Your objective –
The copy should run from the line containing "Some of the text" through the last line of the entries below, exactly as written, with pictures omitted.

[Task inputs — start]

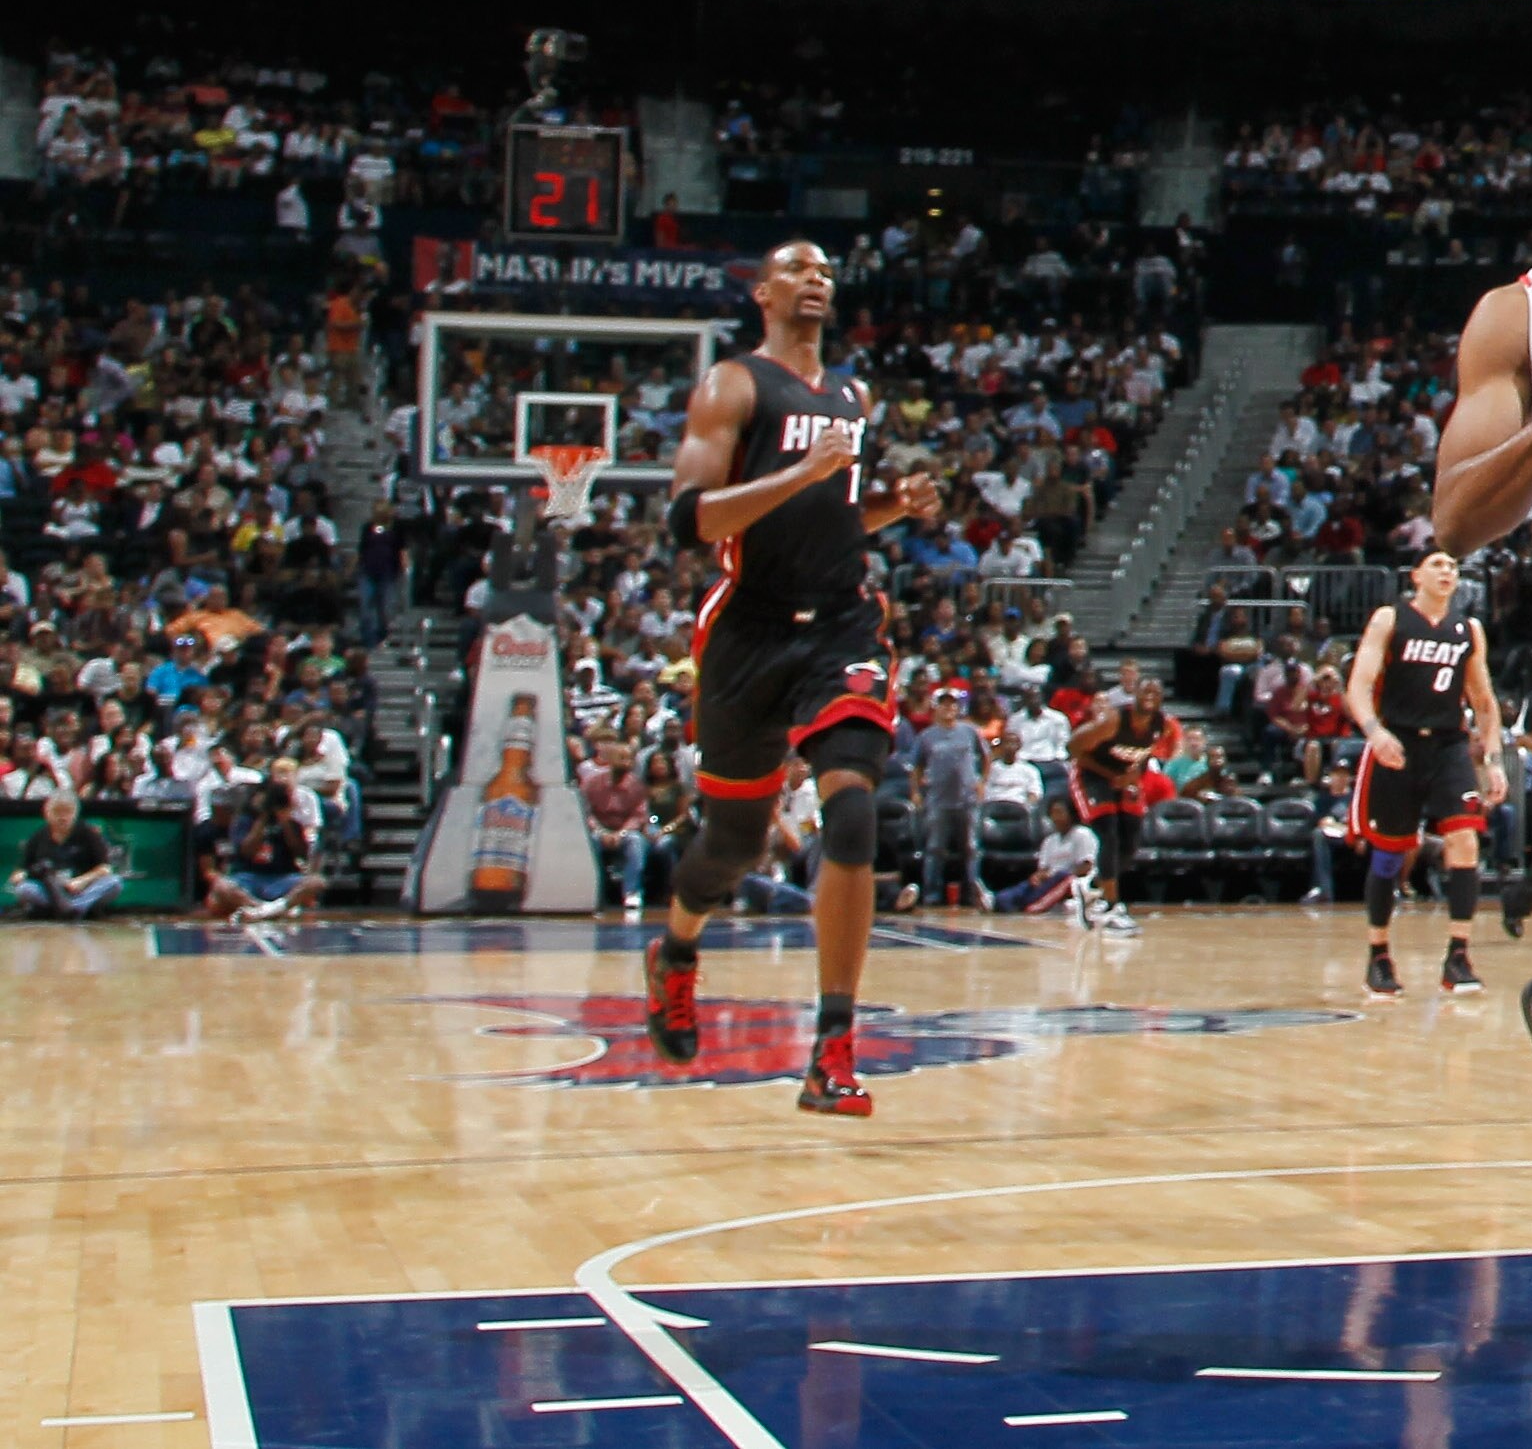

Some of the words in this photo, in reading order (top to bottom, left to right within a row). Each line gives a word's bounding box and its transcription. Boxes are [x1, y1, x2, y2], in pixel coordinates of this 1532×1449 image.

[529, 171, 600, 227] 21
[1402, 637, 1470, 667] HEAT
[1433, 666, 1455, 693] 0
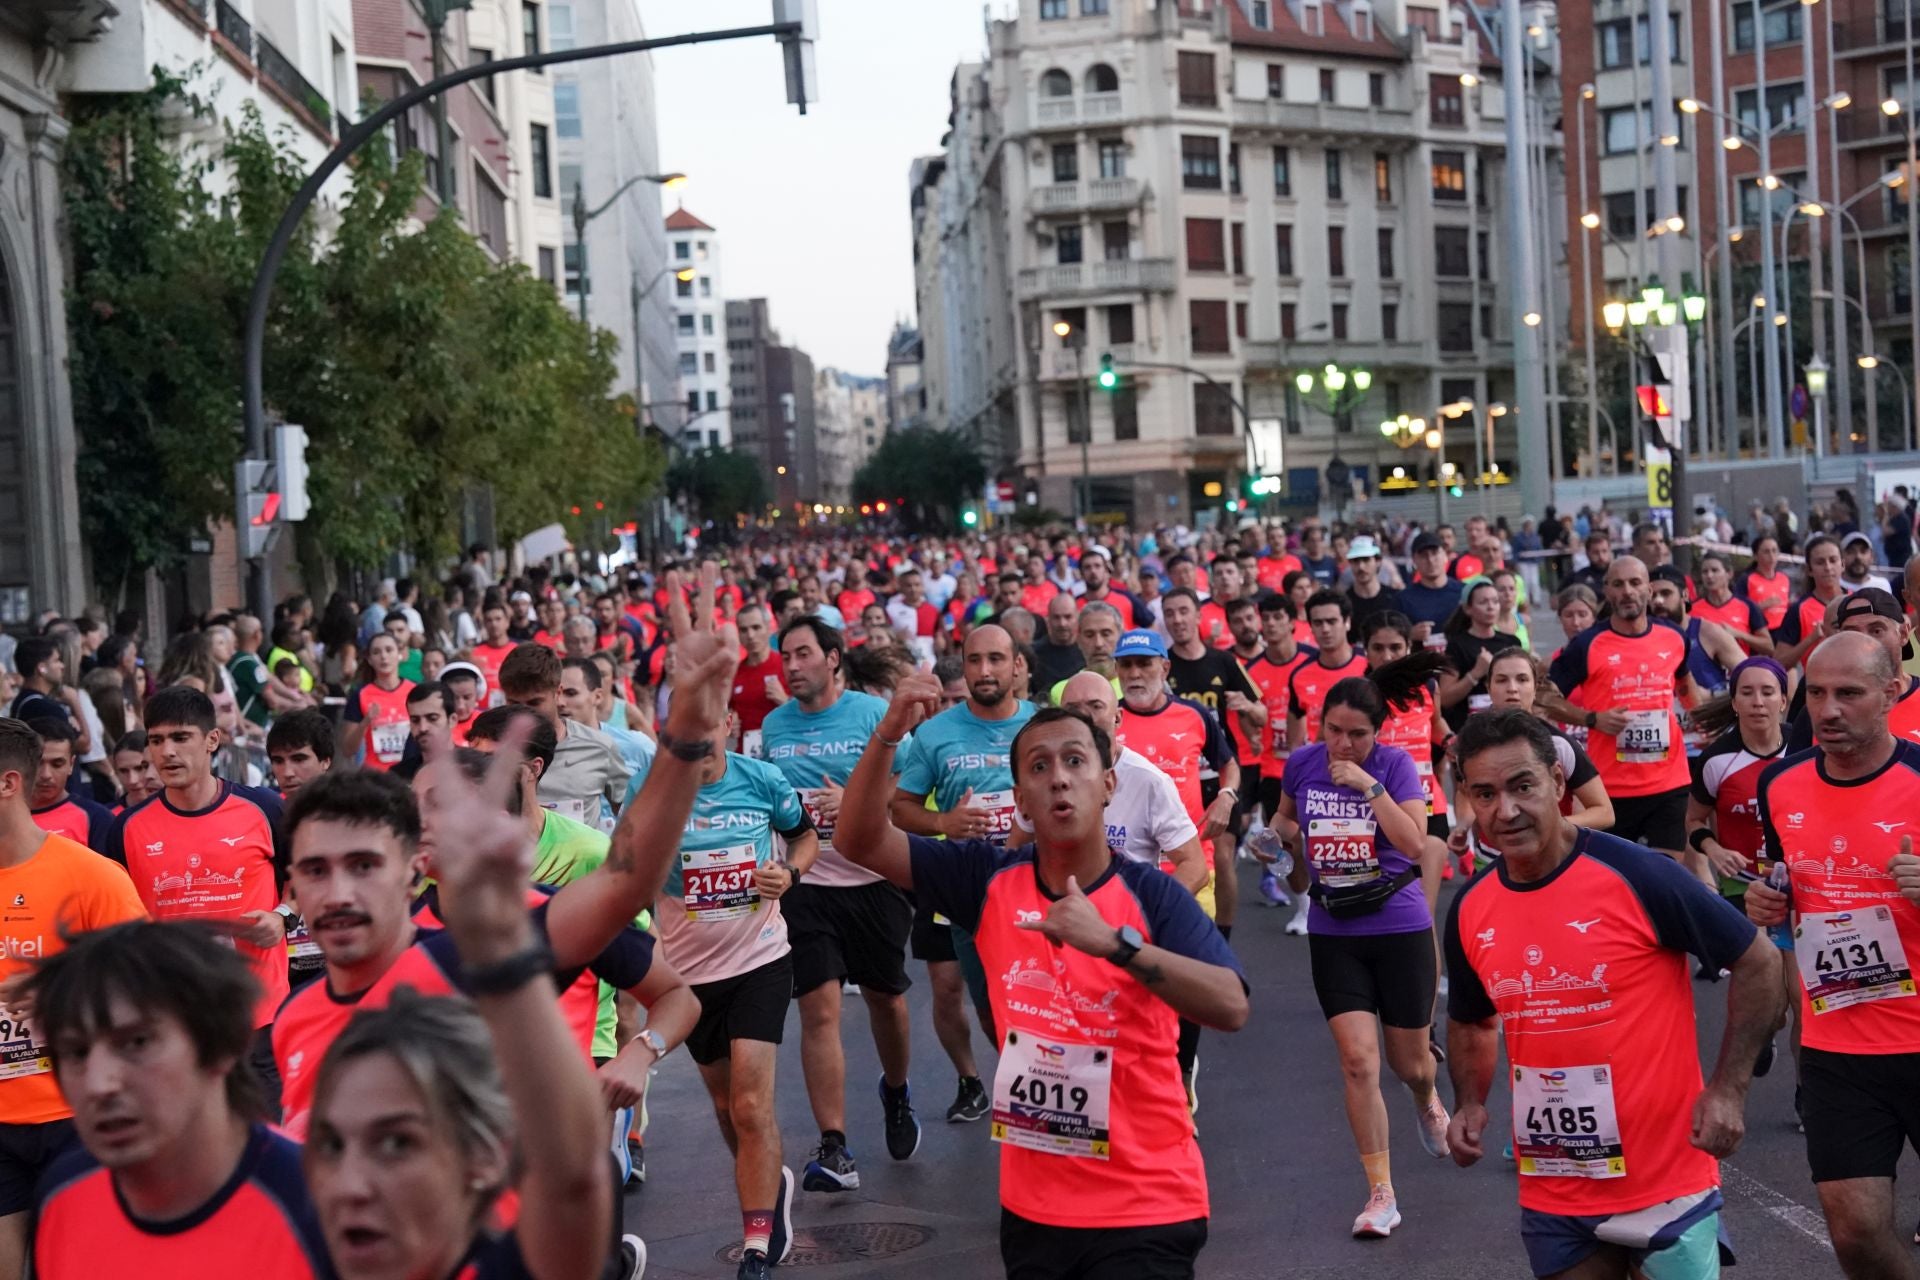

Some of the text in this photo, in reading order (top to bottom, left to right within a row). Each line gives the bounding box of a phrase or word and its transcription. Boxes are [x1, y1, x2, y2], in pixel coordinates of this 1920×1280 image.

[1658, 468, 1671, 502] 8
[1121, 635, 1150, 647] HOKA
[1625, 728, 1660, 742] 3381
[1307, 788, 1339, 801] 10KM
[1305, 799, 1358, 818] PARIS
[1313, 842, 1372, 861] 22438
[688, 868, 754, 895] 21437
[1826, 934, 1861, 946] LAURENT
[1815, 940, 1885, 972] 4131
[1520, 1008, 1545, 1018] NIGHT
[1547, 1004, 1586, 1017] RUNNING
[1009, 1074, 1089, 1113] 4019
[1526, 1106, 1598, 1134] 4185
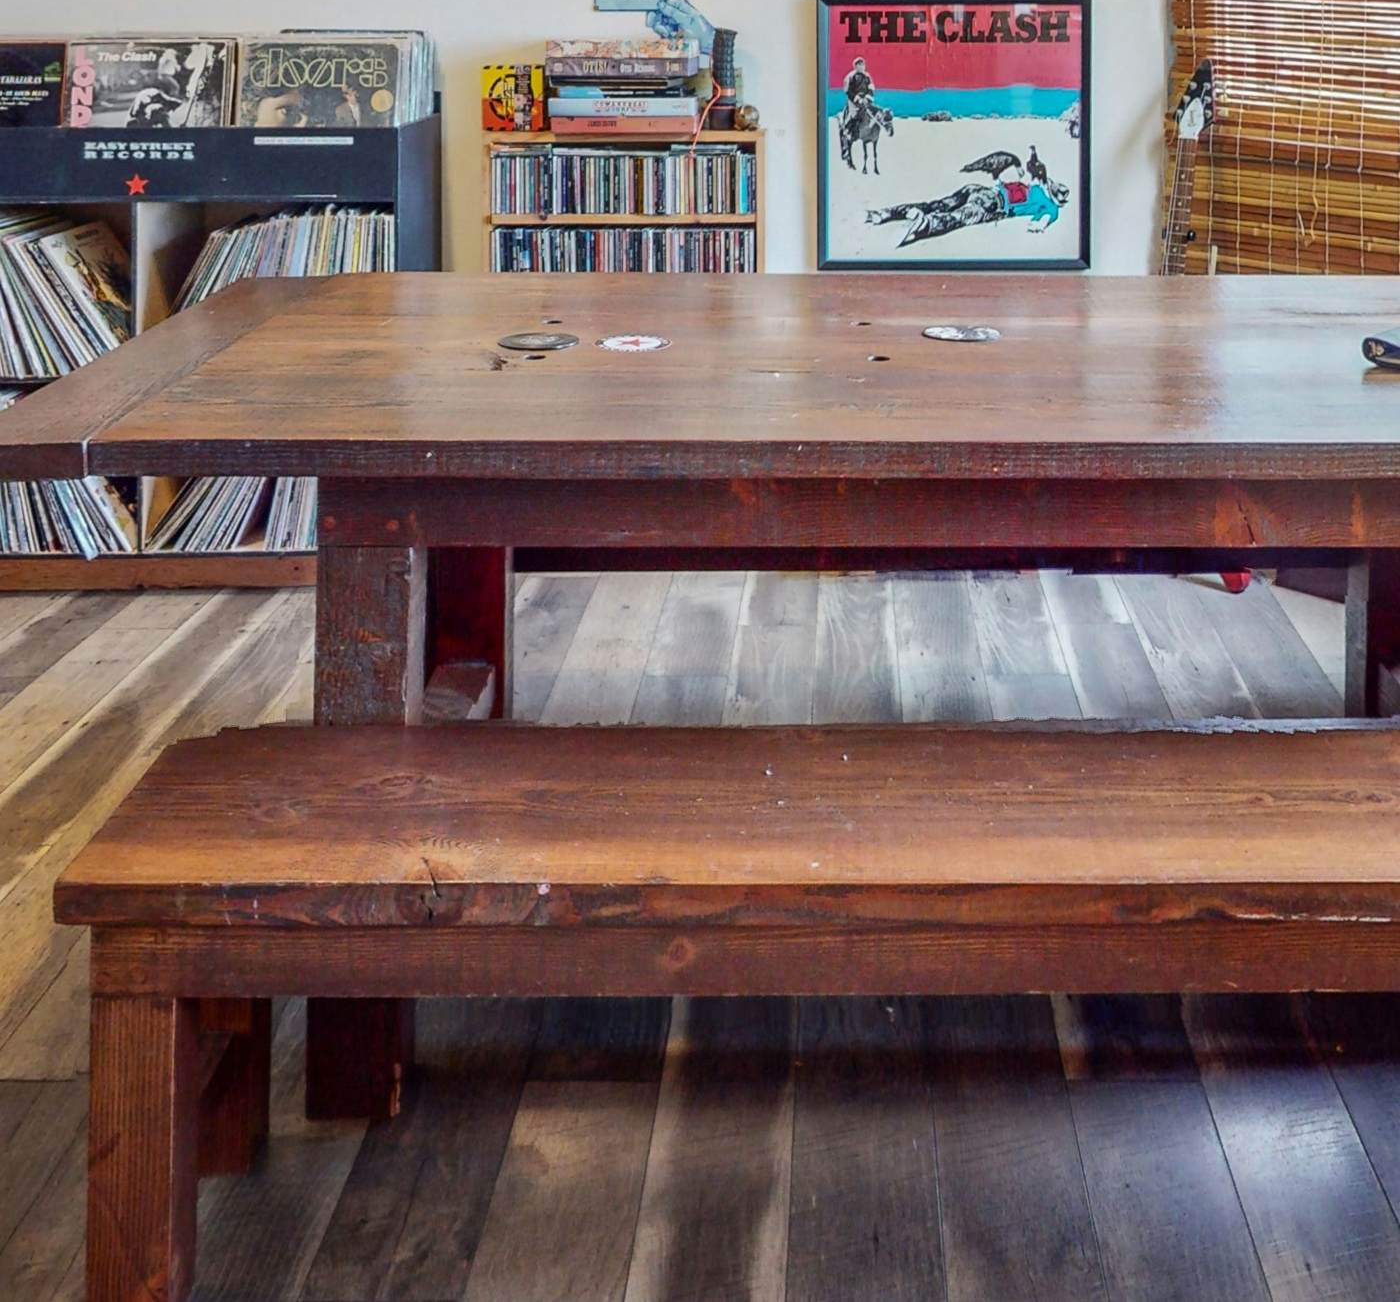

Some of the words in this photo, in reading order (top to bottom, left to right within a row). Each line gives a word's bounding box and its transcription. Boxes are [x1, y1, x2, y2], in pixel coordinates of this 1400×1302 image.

[839, 10, 928, 43] THE
[932, 10, 1071, 43] CLASH
[97, 51, 121, 62] The
[121, 51, 157, 62] Clash
[83, 141, 128, 151] EASY
[129, 141, 196, 151] STREET
[83, 150, 195, 160] RECORDS
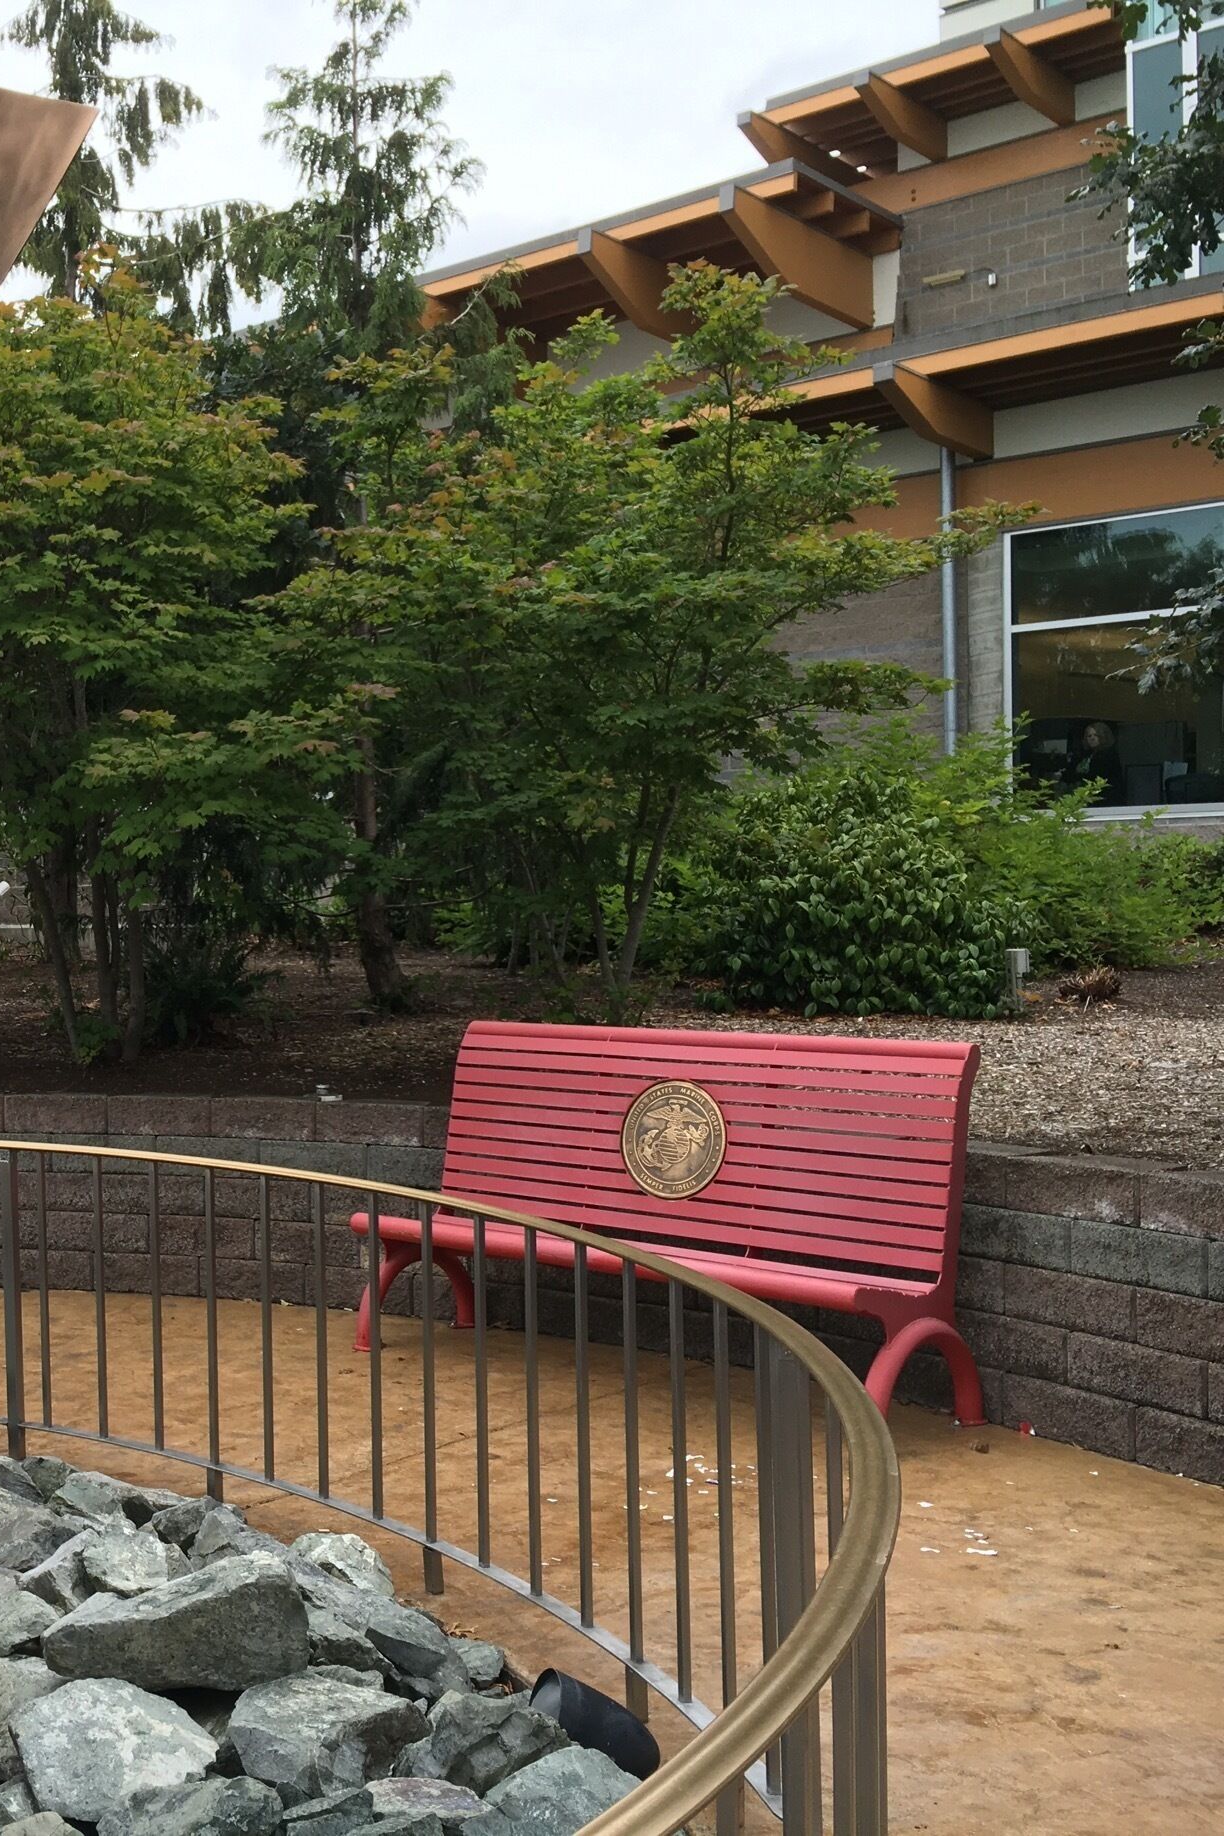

[Task inputs — finish]

Result for this task –
Some of the text in this photo, in reading order (top to bottom, left to right within a row). Each line gives the bounding box of a phrase or word and its transcription. Boxes are [x1, y1, x2, y2], in pixel coordinates of this 1920×1280 image.

[1658, 468, 1671, 502] 8
[1121, 635, 1150, 647] HOKA
[1625, 728, 1660, 742] 3381
[1307, 788, 1339, 801] 10KM
[1305, 799, 1358, 818] PARIS
[1313, 842, 1372, 861] 22438
[688, 868, 754, 895] 21437
[1826, 934, 1861, 946] LAURENT
[1815, 940, 1885, 972] 4131
[1520, 1008, 1545, 1018] NIGHT
[1547, 1004, 1586, 1017] RUNNING
[1009, 1074, 1089, 1113] 4019
[1526, 1106, 1598, 1134] 4185

Some of the words in this photo, in reading order (top to bottom, left to right within a row). Each line gives a word's bounding box and its transcription. Boxes are [x1, y1, x2, y2], in pixel coordinates of this 1400×1302 image.

[839, 10, 928, 43] THE
[932, 10, 1071, 43] CLASH
[97, 51, 121, 62] The
[121, 51, 157, 62] Clash
[83, 141, 128, 151] EASY
[129, 141, 196, 151] STREET
[83, 150, 195, 160] RECORDS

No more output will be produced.